African Journal of
Environmental Science and Technology

  • Abbreviation: Afr. J. Environ. Sci. Technol.
  • Language: English
  • ISSN: 1996-0786
  • DOI: 10.5897/AJEST
  • Start Year: 2007
  • Published Articles: 1129

Full Length Research Paper

Urban climate variability trend in the coastal region of Mombasa Kenya

Innocent Osoro Ngare
  • Innocent Osoro Ngare
  • Department of Postgraduate and Research, Amoud University, Amoud Valley Borama, Somaliland.
  • Google Scholar
James Kibii Koske
  • James Kibii Koske
  • Department of Environmental Science and Education, Kenyatta University, P. O. Box 43844 -00100 Nairobi, Kenya.
  • Google Scholar
John Njagi Muriuki
  • John Njagi Muriuki
  • Department of Environmental Science and Education, Kenyatta University, P. O. Box 43844 -00100 Nairobi, Kenya.
  • Google Scholar
Evelyn Wemali Chitechi
  • Evelyn Wemali Chitechi
  • Department of Environmental Science and Education, Kenyatta University, P. O. Box 43844 -00100 Nairobi, Kenya.
  • Google Scholar
George Njagi Gathuku
  • George Njagi Gathuku
  • Department of Environmental Science and Education, Kenyatta University, P. O. Box 43844 -00100 Nairobi, Kenya.
  • Google Scholar


  •  Received: 14 March 2020
  •  Accepted: 28 July 2020
  •  Published: 31 August 2020

 ABSTRACT

The world population in global south countries is increasing. This fast growth has heightened urban ecological footprint that contributes to anthropogenic forcing triggering of the climate system. From this study, climate variability trend dynamics in Mombasa County, a coastal urban area in Kenya was examined. A retrospective study was done (1989-2019) to determine the changes in temperature and rainfall in the area of study. The results show that climate variability was experienced in Mombasa with a maximum temperature t=-5.628, df=23, P:0.000 and a minimum of t= -5.401, df=23, P:0.000, total rainfall t=2.025, df=23, P:0.275. The linear regression analysis shows rainfall variation y = -9.588x + 1217.1 and temperature y =0.0258x + 29.888 with an increase of +0.4°C. The annual maximum temperature averages show heterogeneous distribution from kurtosis coefficient with little observed skewness.

 

Key words: Rainfall, temperature, urbanization, retrospective.


 INTRODUCTION

Proliferating climate change extremes globally are daunting, staging undeniable global debates that have exponentially increased in different international fora (Herman and Treverton, 2009; Hannigan, 2014; Abate, 2019). Studies (Innocent, 2017; IPCC, 2018) indicate that global surface temperature averagely has increased by 1°C or 33.8°F and could triple by the next century. As the human population surge in cities, it has heightened urban ecological footprint necessitating more mega tones emission of greenhouse gases. This anthropogenic forcing anchored on urban-human activities has mushroomed urban heat highlands contributing to climate change, thus a trigger to the climate system.
 
Temperature and rainfall variations serve as long-term determinants to predict the future climate projections and scenarios (Mellander et al., 2018; Barton et al., 2019). The study aimed to examine trend variations in rainfall and temperature in Mombasa County, a coastal region in Kenya to ascertain the degree and level these climate variability variables had changed overtime.
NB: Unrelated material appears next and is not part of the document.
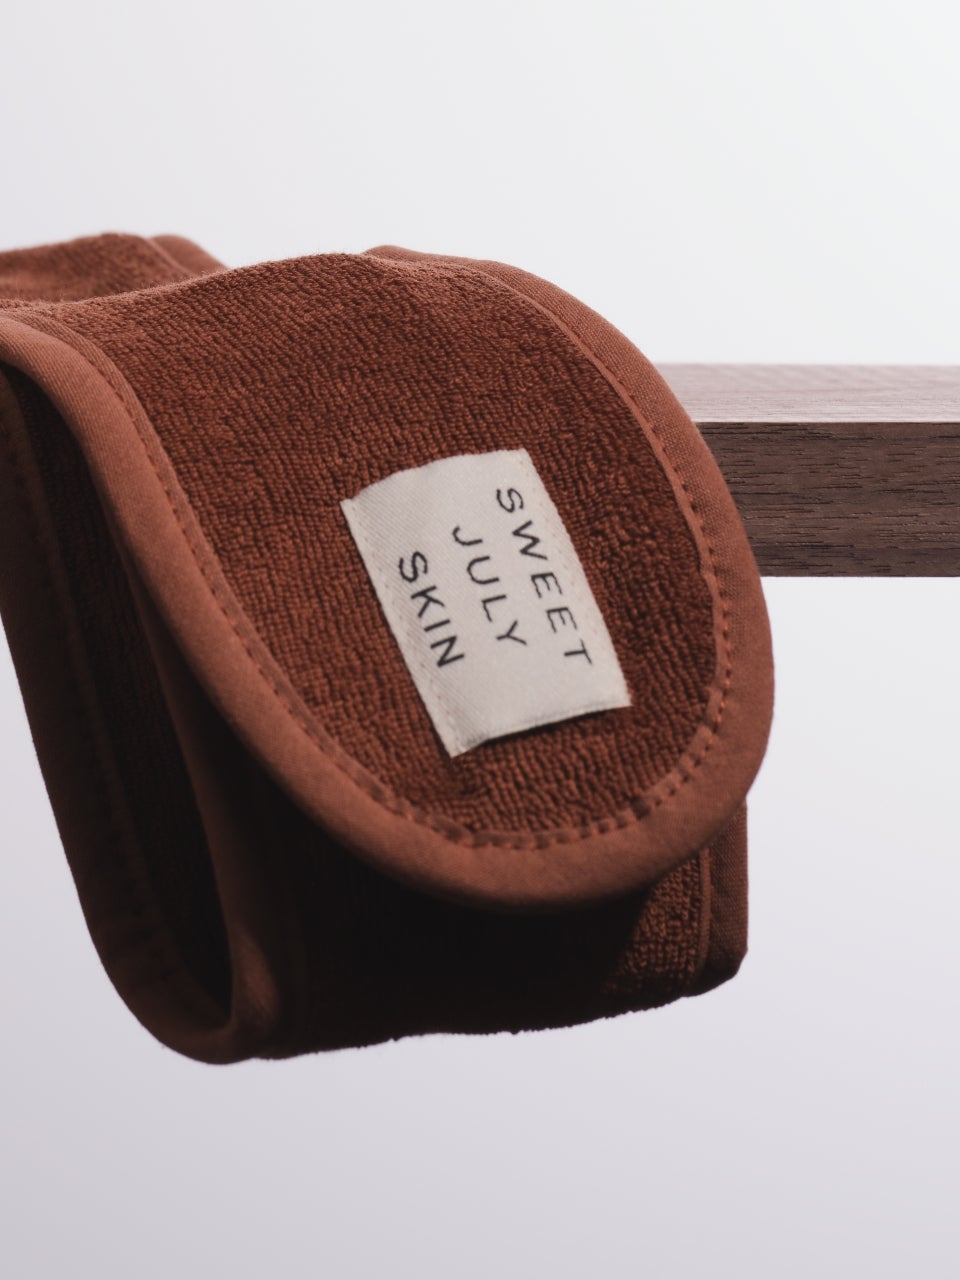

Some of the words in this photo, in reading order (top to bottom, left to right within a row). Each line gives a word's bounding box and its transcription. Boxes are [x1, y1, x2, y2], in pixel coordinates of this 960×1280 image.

[398, 551, 465, 668] SKIN
[452, 526, 528, 647] JULY
[496, 487, 594, 666] SWEET
A thirty-year observed variation threshold (1989-2019) rainfall and temperature data was obtained from the Kenya Meteorological Department to determine observed climate variability in Mombasa County.


 METHODOLOGY

A retrospective study between 1989 and 2019 on climate variability review was done at the coastal region of Kenya in Mombasa County. The county lies slightly below the equator on a latitude and longitude of -4°S, 39°E respectively (Figure 1).
 
 
Climate variability data was obtained from the Kenya Metrological Department. Both rainfall and temperature recordings for the region was run on times series to observe anomalies across the trend through simple regression analysis. One-Way-Anova was run to test the hypotheses under investigation. Kurtosis coefficient was used to determine the distribution patterns in temperature and temperature with simulated equation;
 


 RESULTS AND DISCUSSION

Descriptive monthly average temperature
 
Temperature plays a crucial role when modelled for a more extended period to determine climate variation changes of the area (Graff Zivin et al., 2018; Turco et al., 2018; Grbec et al., 2019). The annual, monthly average, minimum and maximum annual average temperatures descriptively are shown in Tables 1 to 3, respectively. Descriptive statistics that include the mean, kurtosis, median, standard deviation and coefficient of variation are shown in the tables.
 
The coefficient of variance (CV) of average monthly temperature (Table 1) shows low and high ratios of standard deviation (SD) from the means. Averagely, March CV was the least with 1.56 (σ =0.44), where September averages had the highest with 2.65 with σ = 0.66. Comparing their dispersion from the mean, months with least CV had a low degree of variation from the mean, and those with higher CV ratio connotes that they had more degree of variation from the mean. From the distribution observation of the coefficient of kurtosis and skewness, the annual, monthly temperatures averages were evenly distributed with a coefficient kurtosis of -0.82 to 0.67, connoting heterogeneous distribution of average monthly temperature. However, even with the negative skewness observed, the measure of two-tailed thinness was neither highly concentrated to the left or right. The left highest (-ve) skewness was -0.82, where the right skewness (+ve) was 0.67 across the trend in the past 30 years in Mombasa County (Table 1).
 
Descriptive minimum average temperature
 
Descriptive statistics of average minimum rainfall for Mombasa County for the years 1989 to 2019 is shown in Table 2. Statistical measures of central tendency and dispersion determine the spread, distribution, and trend of average minimum temperatures. Figure 2, the monotonic trend of the variables outlined by the linear. The standard deviation ratios from the mean show reliability variations. The month of March has the lowest CV of 2.965, thus less variation from the mean (μ =23.95). August had the highest reliability of variation from the mean with a CV of 4.399 and a SD of 0.89, unlike that of March (0.71). The average SD deviation difference across the trend is 0.1; therefore, a standard normal distribution for each annual minimum monthly temperature for Mombasa County.
 
 
 
Computed skewness shows a ranging scale of -0.91 to 0.1, evident that distribution was left tailed (negative). However, the observed coefficient of kurtosis (Ck) readings (Table 1) shows April with the highest Ck of 2.18 and February with a Ck of -0.83. Though, from the kurtosis scale, the highest reading was less than three (<3). Therefore, a platykurtic distribution was observed. This can be interpreted from that within the 30-year variability threshold in Mombasa, observed positive and negative extremes of minimum temperature annual averages were less of few. For observed linear regression (y=0.0283x + 21.823, R2 = 0.1655), Figure 2 shows oscillated monotonic trend of minimum rainfall across the trend but with fewer extremes of between 22.5 and 20.5°C in minimum.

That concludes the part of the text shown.